Bleeding may occur internally and externally depending on the cause. Internal bleeding occurs when the injury is inside the patient’s body. There are no opening or external wounds. It usually occurs in the abdominal cavity, chest cavity, digestive tract, or tissues surrounding the broken bones. External bleeding on the other hand occurs when there is an obvious break in the skin where the blood is flowing from.

Bleeding is not an emergency unless the amount of blood loss has been just minimal and if the patient is hemodynamically stable. However the symptoms and the severity of the patient’s condition vary on a number of factors. For example, the patient who lost 300 ml of blood may have had very low blood pressure and increased heart rate while the other who lost 500 ml does not display any symptoms. No matter how the patient responds, it would still be best to know some steps to do if you were able to encounter patients who have bleeding.

What to do in case of an emergency

bleeding
Cover a bleeding wound with a clean gauze

Before doing anything, keep in mind that you have to protect yourself. Do not touch anything without protecting yourself with at least gloves or mask when applying first aid for bleeding.

  • Have the person lie on his back. Cover the person with a warm blanket to prevent heat loss. It would be best if you position the person on his back with his head slightly lower than his body and extremities.
  • Clean the wound or the area should be free from dirt and debris.
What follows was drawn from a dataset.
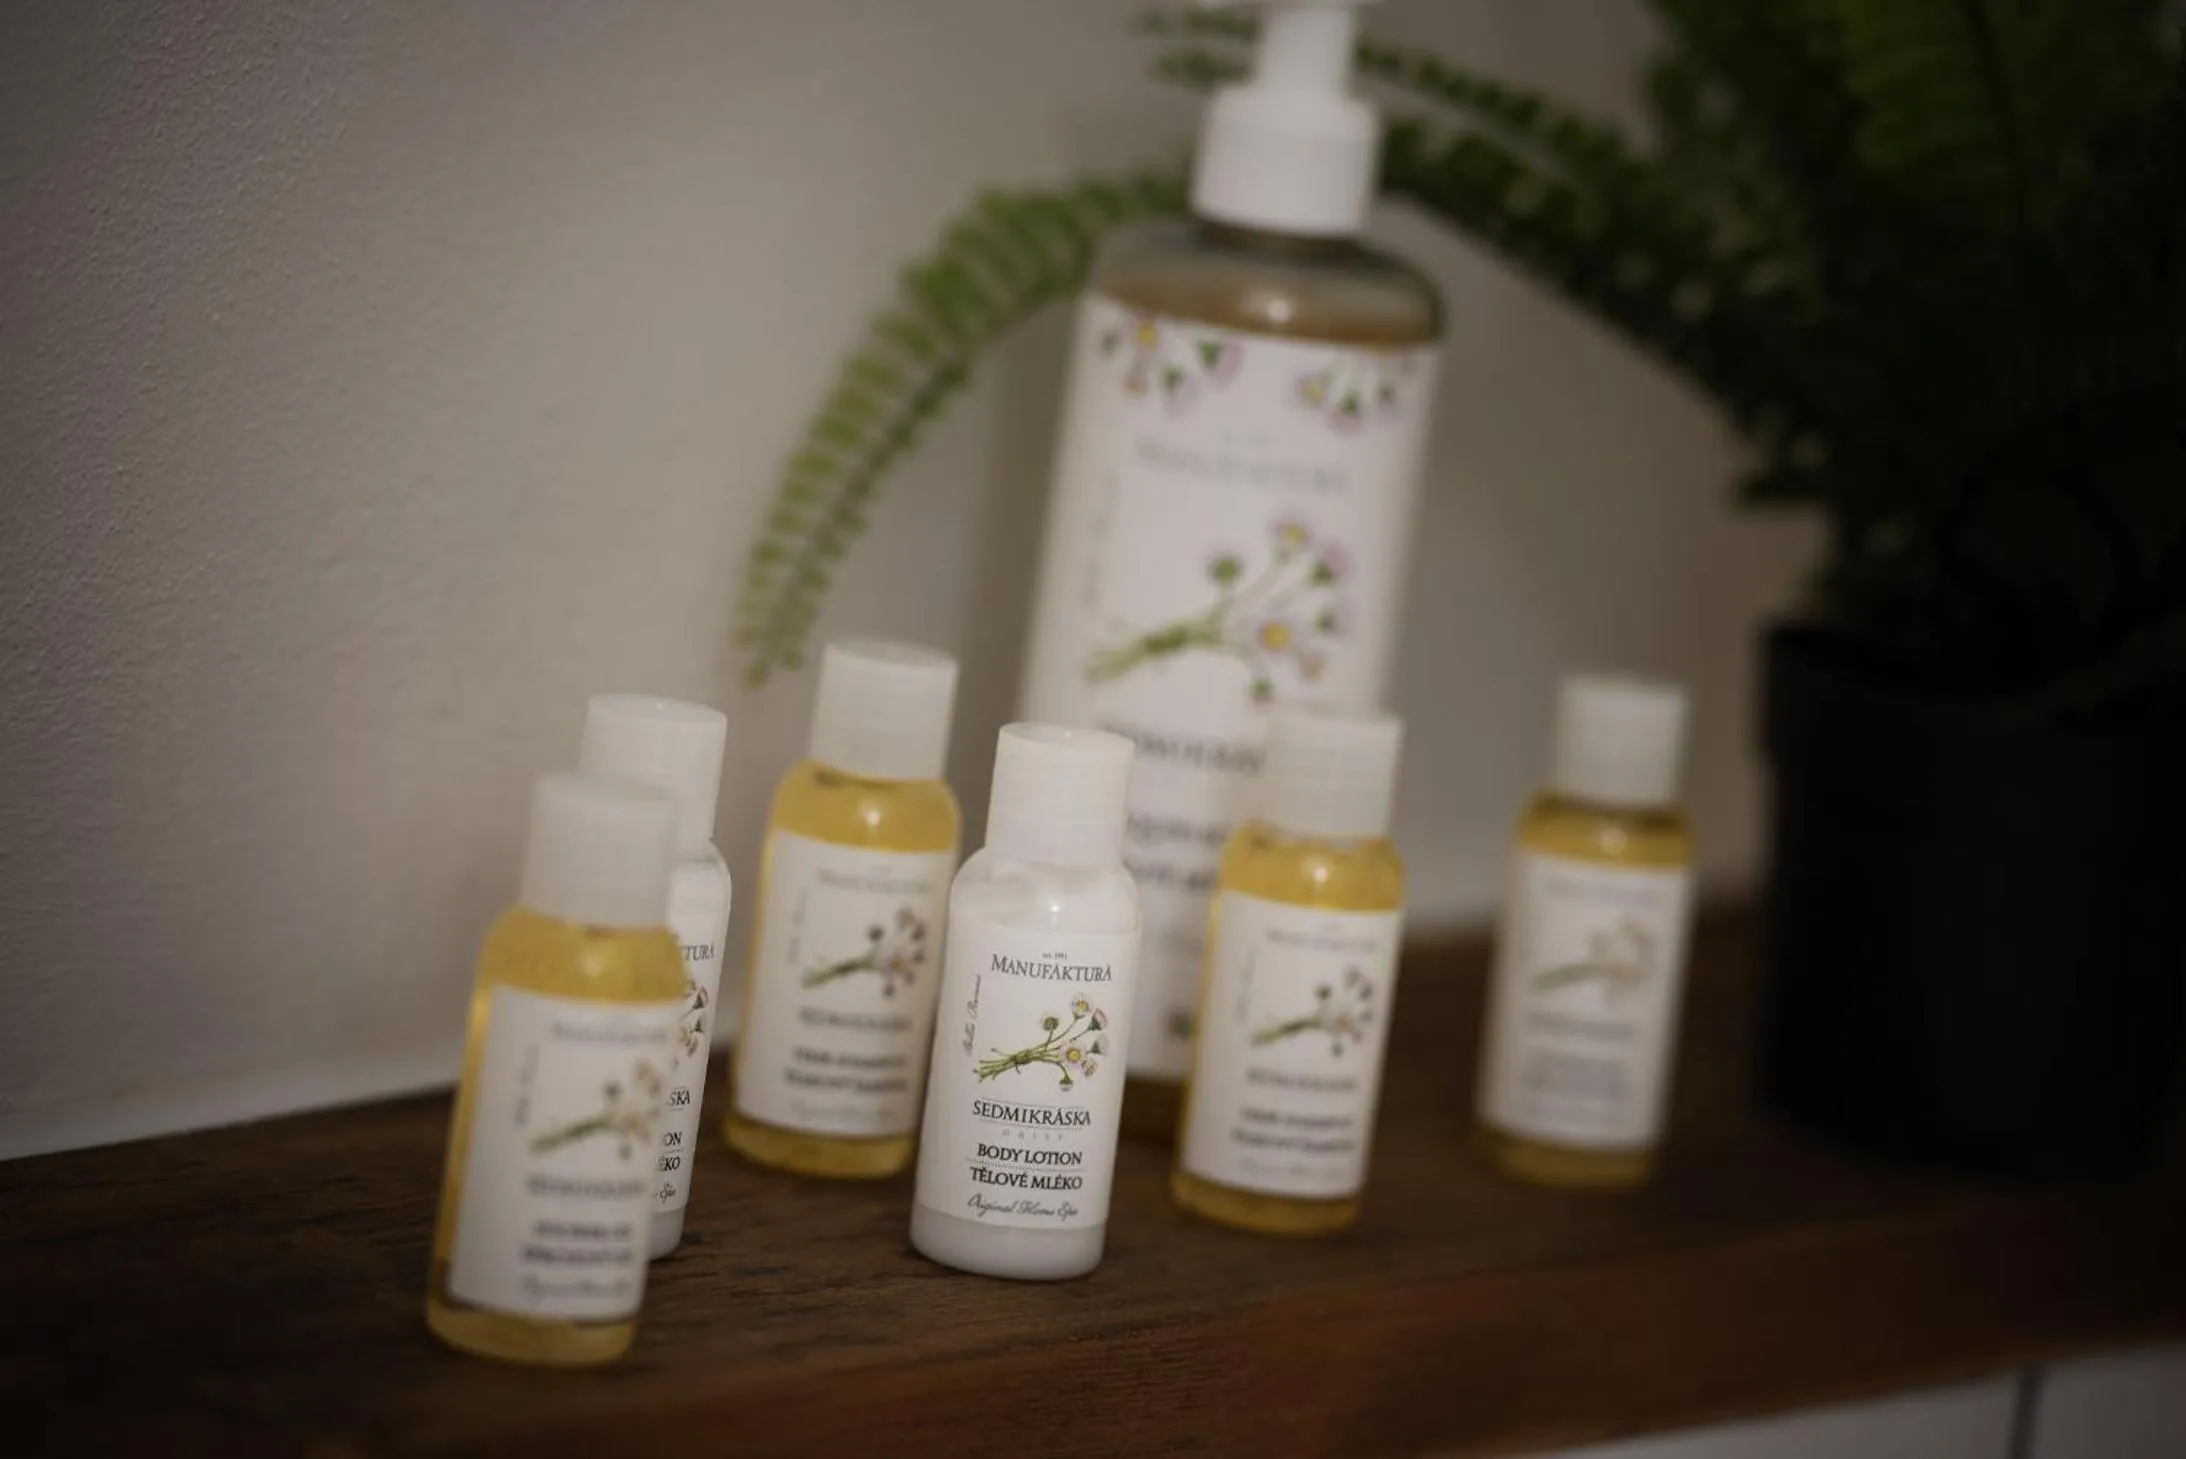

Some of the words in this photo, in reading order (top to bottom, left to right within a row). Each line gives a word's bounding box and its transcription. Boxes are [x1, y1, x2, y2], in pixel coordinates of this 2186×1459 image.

However, of an object is large and embedded deeply into the wound, do not remove it.
  • Apply direct pressure on the wound.
  • Place a clean cloth or sterile bandage and hold it continuously for 20 minutes. Maintain the pressure by wrapping the clean cloth or bandage around the area or by placing adhesive tape.
  • Do not remove the bandage if in case you see the blood seeping through the gauze. Just add some more absorbent material instead.
  •  If the bleeding does not stop, you may apply direct pressure to the artery that supplies the bleeding area. Once the bleeding stops, immobilize the area.